▸ What the task asks
Without changing anything, output the records below.

Collected data
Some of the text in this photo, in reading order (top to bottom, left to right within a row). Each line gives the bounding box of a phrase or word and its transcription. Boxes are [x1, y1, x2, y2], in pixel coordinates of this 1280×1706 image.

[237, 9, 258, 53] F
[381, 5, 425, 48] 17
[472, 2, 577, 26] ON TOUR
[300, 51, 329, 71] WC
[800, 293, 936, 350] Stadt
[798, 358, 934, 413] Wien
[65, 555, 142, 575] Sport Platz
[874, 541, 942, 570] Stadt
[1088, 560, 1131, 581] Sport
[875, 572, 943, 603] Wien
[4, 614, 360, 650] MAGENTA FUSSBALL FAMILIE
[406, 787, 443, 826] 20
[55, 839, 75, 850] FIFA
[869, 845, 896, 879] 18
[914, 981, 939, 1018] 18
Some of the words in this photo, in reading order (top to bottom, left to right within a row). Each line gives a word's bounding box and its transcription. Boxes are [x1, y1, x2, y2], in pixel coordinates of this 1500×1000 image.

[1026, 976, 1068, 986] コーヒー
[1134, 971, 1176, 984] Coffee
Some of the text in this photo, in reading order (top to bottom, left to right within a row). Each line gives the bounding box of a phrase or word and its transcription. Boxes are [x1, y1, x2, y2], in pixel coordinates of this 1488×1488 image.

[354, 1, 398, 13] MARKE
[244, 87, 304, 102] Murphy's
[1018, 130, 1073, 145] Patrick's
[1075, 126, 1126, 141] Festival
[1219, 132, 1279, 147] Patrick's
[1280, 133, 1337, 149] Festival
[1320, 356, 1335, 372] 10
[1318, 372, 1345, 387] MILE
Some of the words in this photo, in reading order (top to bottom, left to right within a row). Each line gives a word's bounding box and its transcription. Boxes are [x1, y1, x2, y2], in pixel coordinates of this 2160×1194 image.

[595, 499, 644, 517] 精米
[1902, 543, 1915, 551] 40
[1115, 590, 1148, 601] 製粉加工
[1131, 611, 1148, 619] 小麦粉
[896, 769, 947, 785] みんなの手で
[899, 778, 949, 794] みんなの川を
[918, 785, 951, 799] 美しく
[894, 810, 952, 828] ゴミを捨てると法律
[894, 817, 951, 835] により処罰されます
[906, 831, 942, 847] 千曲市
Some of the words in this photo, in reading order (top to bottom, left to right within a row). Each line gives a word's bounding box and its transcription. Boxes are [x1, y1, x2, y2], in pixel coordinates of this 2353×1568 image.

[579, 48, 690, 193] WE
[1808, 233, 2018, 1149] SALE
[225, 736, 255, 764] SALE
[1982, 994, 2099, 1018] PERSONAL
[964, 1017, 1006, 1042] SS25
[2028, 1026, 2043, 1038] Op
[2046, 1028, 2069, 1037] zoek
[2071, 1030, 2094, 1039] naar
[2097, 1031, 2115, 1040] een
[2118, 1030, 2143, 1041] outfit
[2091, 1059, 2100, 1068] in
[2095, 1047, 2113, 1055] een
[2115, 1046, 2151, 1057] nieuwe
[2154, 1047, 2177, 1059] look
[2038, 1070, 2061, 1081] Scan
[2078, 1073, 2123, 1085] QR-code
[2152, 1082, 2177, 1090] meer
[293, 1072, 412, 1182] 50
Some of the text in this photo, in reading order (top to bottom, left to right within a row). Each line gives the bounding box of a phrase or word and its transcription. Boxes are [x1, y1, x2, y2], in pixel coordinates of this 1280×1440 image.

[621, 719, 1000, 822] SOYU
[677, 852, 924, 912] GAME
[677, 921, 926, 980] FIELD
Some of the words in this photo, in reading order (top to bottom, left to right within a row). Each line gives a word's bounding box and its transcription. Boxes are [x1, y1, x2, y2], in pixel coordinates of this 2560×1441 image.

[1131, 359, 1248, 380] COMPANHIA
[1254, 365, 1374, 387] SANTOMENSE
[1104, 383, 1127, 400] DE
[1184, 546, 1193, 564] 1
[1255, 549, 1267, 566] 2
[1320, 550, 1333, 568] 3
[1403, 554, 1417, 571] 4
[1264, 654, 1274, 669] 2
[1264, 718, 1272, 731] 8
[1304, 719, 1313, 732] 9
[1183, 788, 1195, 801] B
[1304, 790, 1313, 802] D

▸ Output of the task
Some of the text in this photo, in reading order (top to bottom, left to right within a row). Each line gives the bounding box of a phrase or word and its transcription. Boxes are [x1, y1, x2, y2], in pixel coordinates of this 1280×1706 image.

[237, 9, 258, 53] F
[381, 5, 425, 48] 17
[472, 2, 577, 26] ON TOUR
[300, 51, 329, 71] WC
[800, 293, 936, 350] Stadt
[798, 358, 934, 413] Wien
[65, 555, 142, 575] Sport Platz
[874, 541, 942, 570] Stadt
[1088, 560, 1131, 581] Sport
[875, 572, 943, 603] Wien
[4, 614, 360, 650] MAGENTA FUSSBALL FAMILIE
[406, 787, 443, 826] 20
[55, 839, 75, 850] FIFA
[869, 845, 896, 879] 18
[914, 981, 939, 1018] 18
Some of the words in this photo, in reading order (top to bottom, left to right within a row). Each line gives a word's bounding box and its transcription. Boxes are [x1, y1, x2, y2], in pixel coordinates of this 1500×1000 image.

[1026, 976, 1068, 986] コーヒー
[1134, 971, 1176, 984] Coffee
Some of the text in this photo, in reading order (top to bottom, left to right within a row). Each line gives the bounding box of a phrase or word and its transcription. Boxes are [x1, y1, x2, y2], in pixel coordinates of this 1488×1488 image.

[354, 1, 398, 13] MARKE
[244, 87, 304, 102] Murphy's
[1018, 130, 1073, 145] Patrick's
[1075, 126, 1126, 141] Festival
[1219, 132, 1279, 147] Patrick's
[1280, 133, 1337, 149] Festival
[1320, 356, 1335, 372] 10
[1318, 372, 1345, 387] MILE
Some of the words in this photo, in reading order (top to bottom, left to right within a row). Each line gives a word's bounding box and its transcription. Boxes are [x1, y1, x2, y2], in pixel coordinates of this 2160×1194 image.

[595, 499, 644, 517] 精米
[1902, 543, 1915, 551] 40
[1115, 590, 1148, 601] 製粉加工
[1131, 611, 1148, 619] 小麦粉
[896, 769, 947, 785] みんなの手で
[899, 778, 949, 794] みんなの川を
[918, 785, 951, 799] 美しく
[894, 810, 952, 828] ゴミを捨てると法律
[894, 817, 951, 835] により処罰されます
[906, 831, 942, 847] 千曲市
Some of the words in this photo, in reading order (top to bottom, left to right within a row). Each line gives a word's bounding box and its transcription. Boxes are [x1, y1, x2, y2], in pixel coordinates of this 2353×1568 image.

[579, 48, 690, 193] WE
[1808, 233, 2018, 1149] SALE
[225, 736, 255, 764] SALE
[1982, 994, 2099, 1018] PERSONAL
[964, 1017, 1006, 1042] SS25
[2028, 1026, 2043, 1038] Op
[2046, 1028, 2069, 1037] zoek
[2071, 1030, 2094, 1039] naar
[2097, 1031, 2115, 1040] een
[2118, 1030, 2143, 1041] outfit
[2091, 1059, 2100, 1068] in
[2095, 1047, 2113, 1055] een
[2115, 1046, 2151, 1057] nieuwe
[2154, 1047, 2177, 1059] look
[2038, 1070, 2061, 1081] Scan
[2078, 1073, 2123, 1085] QR-code
[2152, 1082, 2177, 1090] meer
[293, 1072, 412, 1182] 50
Some of the text in this photo, in reading order (top to bottom, left to right within a row). Each line gives the bounding box of a phrase or word and its transcription. Boxes are [x1, y1, x2, y2], in pixel coordinates of this 1280×1440 image.

[621, 719, 1000, 822] SOYU
[677, 852, 924, 912] GAME
[677, 921, 926, 980] FIELD
Some of the words in this photo, in reading order (top to bottom, left to right within a row). Each line gives a word's bounding box and its transcription. Boxes are [x1, y1, x2, y2], in pixel coordinates of this 2560×1441 image.

[1131, 359, 1248, 380] COMPANHIA
[1254, 365, 1374, 387] SANTOMENSE
[1104, 383, 1127, 400] DE
[1184, 546, 1193, 564] 1
[1255, 549, 1267, 566] 2
[1320, 550, 1333, 568] 3
[1403, 554, 1417, 571] 4
[1264, 654, 1274, 669] 2
[1264, 718, 1272, 731] 8
[1304, 719, 1313, 732] 9
[1183, 788, 1195, 801] B
[1304, 790, 1313, 802] D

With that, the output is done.